[The problem] Would you write out the entries below word for word, omitting the pictures?

[Recorded information]
···

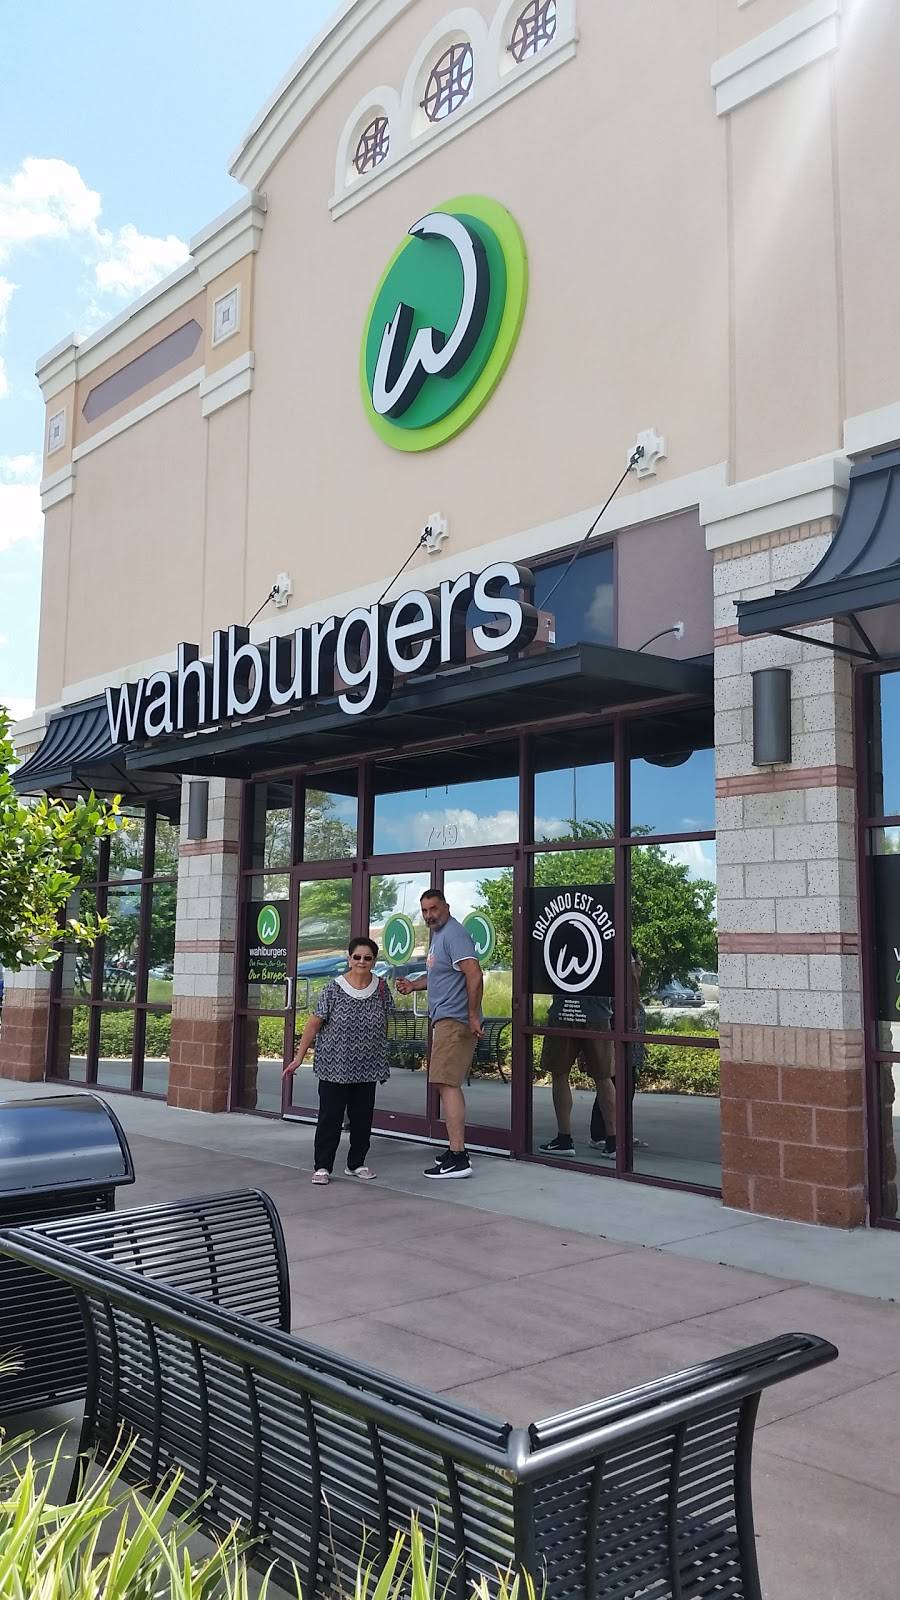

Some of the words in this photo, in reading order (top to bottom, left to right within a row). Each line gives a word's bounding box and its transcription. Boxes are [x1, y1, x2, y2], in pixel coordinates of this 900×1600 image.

[104, 561, 527, 745] wahlburgers
[532, 892, 572, 941] ORLANDO
[574, 892, 594, 915] EST.
[592, 904, 616, 940] 2016
[249, 946, 287, 959] wahlburgers

···

[Exercise result]
Some of the words in this photo, in reading order (top to bottom, left to right within a row). Each line gives a word's bounding box and its transcription. Boxes are [x1, y1, x2, y2], in pixel coordinates of this 900×1600 image.

[104, 561, 527, 745] wahlburgers
[532, 892, 572, 941] ORLANDO
[574, 892, 594, 915] EST.
[592, 904, 616, 940] 2016
[249, 946, 287, 959] wahlburgers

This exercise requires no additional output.